- Ваша система хороша, барон, - сказал Алексей Иннокентьевич, садясь в воду и тяжело дыша; пусть думает, что я уже обессилел. - И все же признайте, что дело не только в том, что удача от вас отвернулась и густо обсели оводы. Вы забыли о самом главном.
- Даю вам ровно три минуты на передышку, - засек время Хальдорф. - Так о чем же я забыл?
- О блокировке.
Хальдорф расхохотался: он с ходу уловил простенькую хитрость Малахова, но не боялся ее.

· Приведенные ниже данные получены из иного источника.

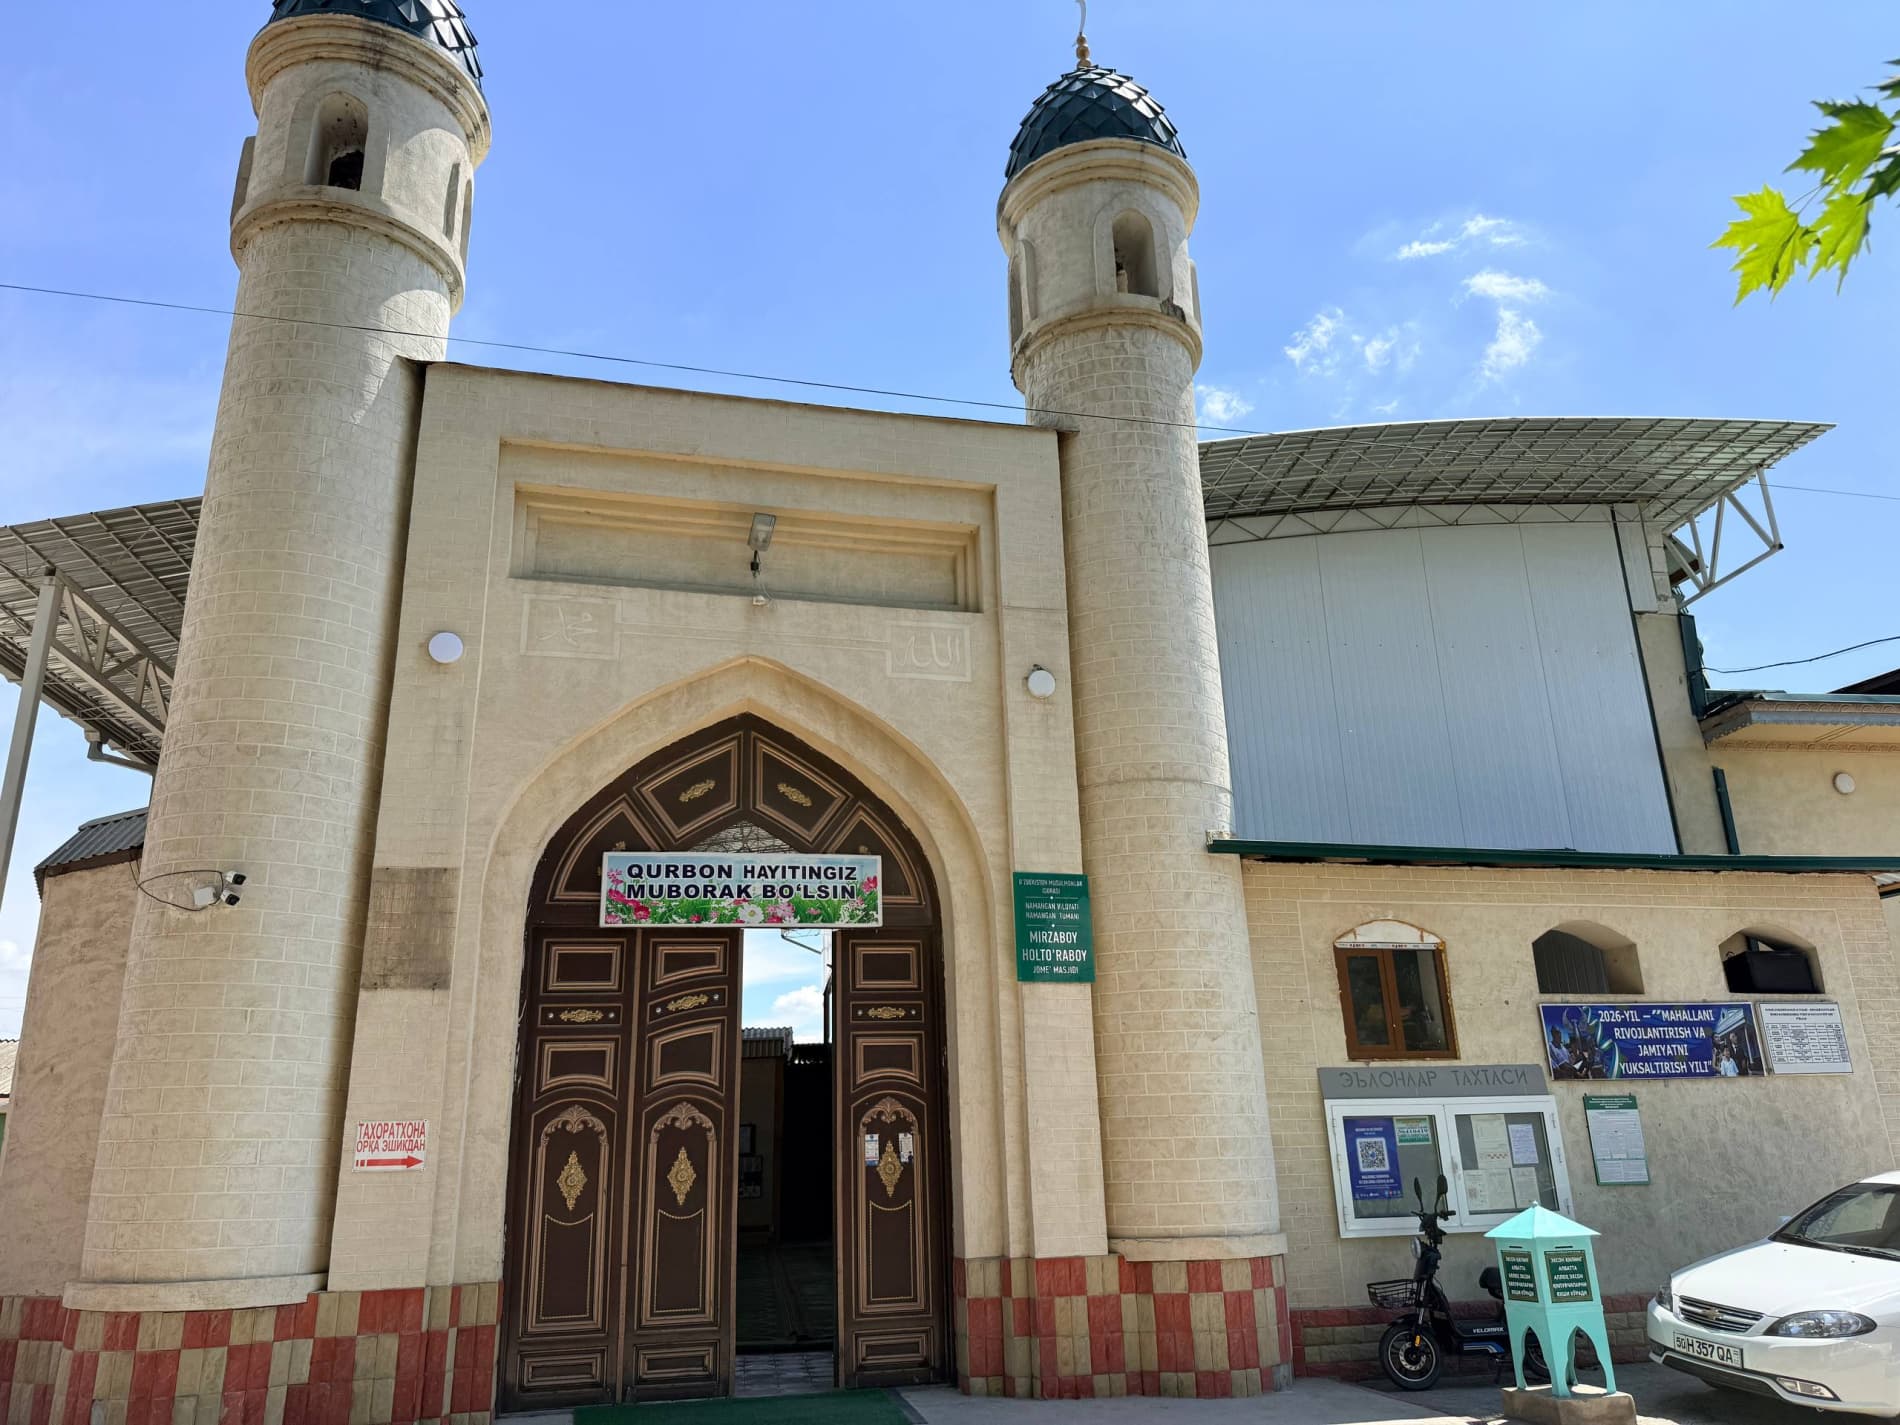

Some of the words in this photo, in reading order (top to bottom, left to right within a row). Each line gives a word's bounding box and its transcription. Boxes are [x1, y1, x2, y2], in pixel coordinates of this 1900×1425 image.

[627, 863, 733, 880] QURBON
[743, 864, 857, 881] HAYITINGIZ
[627, 884, 752, 899] MUBORAK
[1025, 902, 1056, 910] NAMANGAN
[1025, 911, 1056, 919] NAMANGAN
[1059, 912, 1080, 920] TUMANI
[1029, 931, 1078, 943] MIRZABOY
[1053, 966, 1079, 974] MASJIDI
[1598, 1010, 1640, 1023] 2026-YIL
[1614, 1027, 1691, 1040] RIVOJLANTIRISH
[1693, 1027, 1706, 1039] VA
[1638, 1044, 1689, 1057] JAMIYATNI
[1619, 1061, 1687, 1075] YUKSALTIRISH
[1339, 1071, 1437, 1088] ЭЪЛОНЛАР
[1452, 1069, 1528, 1086] ТАХТАСИ
[358, 1122, 426, 1139] ТАХОРАТХОНА
[1676, 1336, 1686, 1349] 50

- Будь у вас блокировка, - продолжал Алексей Иннокентьевич, уже уверенный, что ловушка сработала, - вы бы не остались к шестидесяти годам у разбитого корыта. Ну подумайте сами: кому вы будете нужны со своей прекрасной системой воспитания кадров, если самих кадров нет, если они ждут в своей глубокой конспирации, не зная, что концы веревочек сгорели.
- Яма для простаков, - подтвердил Хальдорф подозрения Малахова. - Но я вам отвечу. Глядите. - Он достал из-под плаща плоскую металлическую коробку, напоминающую большой портсигар. - Здесь есть все. Самое главное. А если потеряю и это, в Германии есть еще один дубликат. Удовлетворены?

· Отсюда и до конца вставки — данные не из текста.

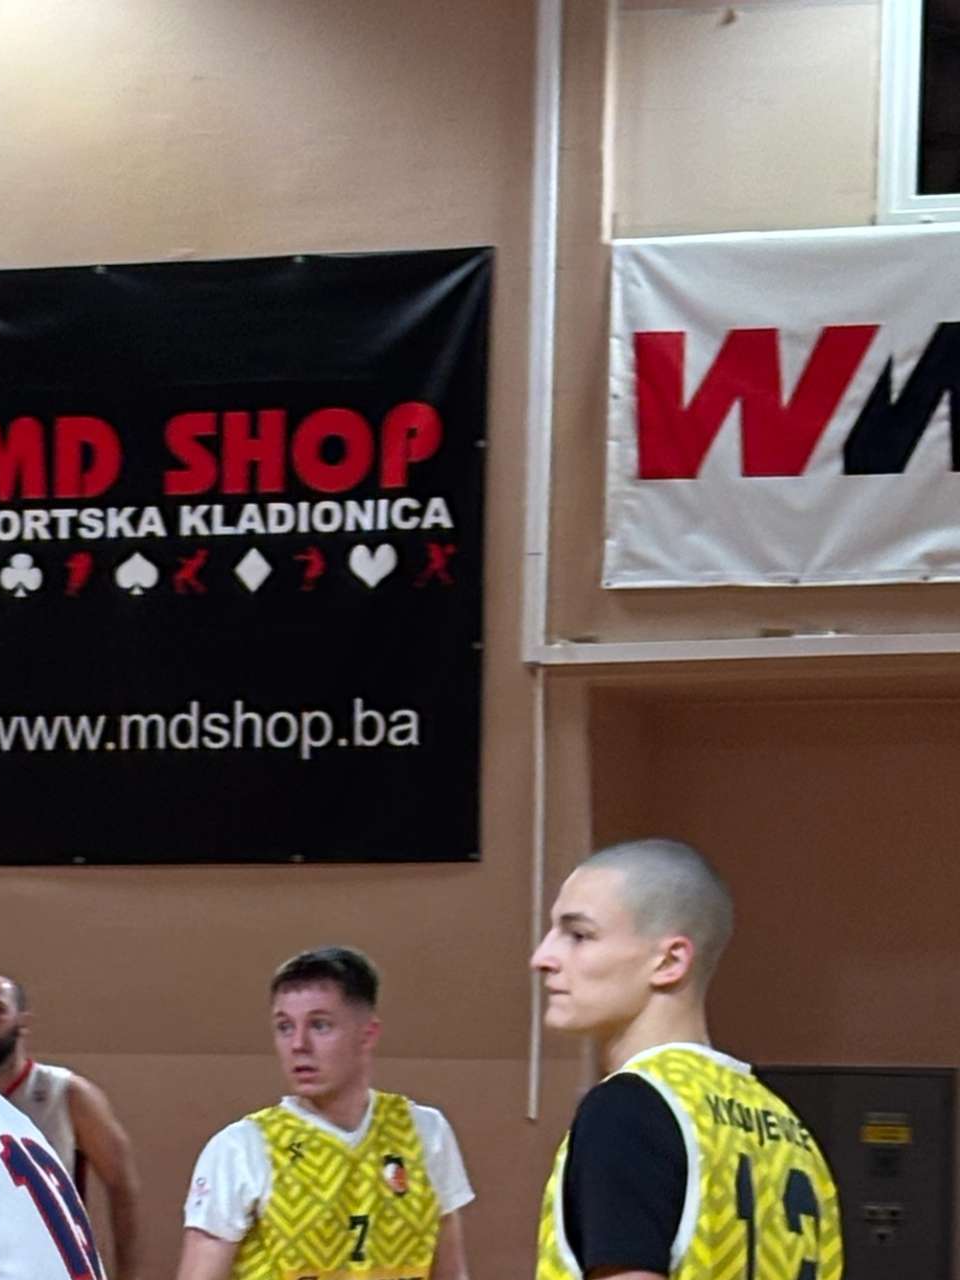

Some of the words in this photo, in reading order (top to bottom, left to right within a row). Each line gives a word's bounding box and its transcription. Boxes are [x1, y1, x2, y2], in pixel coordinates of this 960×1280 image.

[163, 401, 443, 496] SHOP
[179, 497, 454, 537] KLADIONICA
[349, 1214, 369, 1262] 7

Вот мы и вышли на последнюю черту, понял Алексей Иннокентьевич. И если раньше я мог сомневаться, убьет он меня или нет, то теперь варианты исключены.
Завал еще не был разобран до конца, но за слабым заслоном кирпичей уже слышался шум воды в той части коридора. Возможно, достаточно толкнуть преграду - и путь будет свободен.
Пора.
И все же Алексей Иннокентьевич опоздал. Что-то случилось - и несколько мгновений выпало из его памяти. Впечатление было такое, будто он долго спал, стоя на четвереньках, и во сне упал на кирпичи лицом. Руки не слушались. Куда им было оторвать от камней это тело! Там, куда попала пуля - в спине слева - лежал огромный булыжник.

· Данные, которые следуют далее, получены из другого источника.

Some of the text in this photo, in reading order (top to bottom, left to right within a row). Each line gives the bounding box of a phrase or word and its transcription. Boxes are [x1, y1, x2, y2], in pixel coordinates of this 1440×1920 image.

Ах, так это пуля! - понял Алексей Иннокентьевич, и откуда-то задним числом выплыло воспоминание о страшном, как обвал, грохоте выстрела. Ах, так это только пуля… В спину, выходит, стрелял… сволочь…
Алексей Иннокентьевич все же приподнялся, привалился к стене плечом… Положив включенный фонарик, Хальдорф набивал патронами обойму своего вальтера. Он доставал патроны из кармана плаща, суетливо тыкал их, не попадая сразу. Вот оно как: забыл, выходит, что отстрелялся, пока удирал от разведчиков, и что в пистолете оставался только один патрон…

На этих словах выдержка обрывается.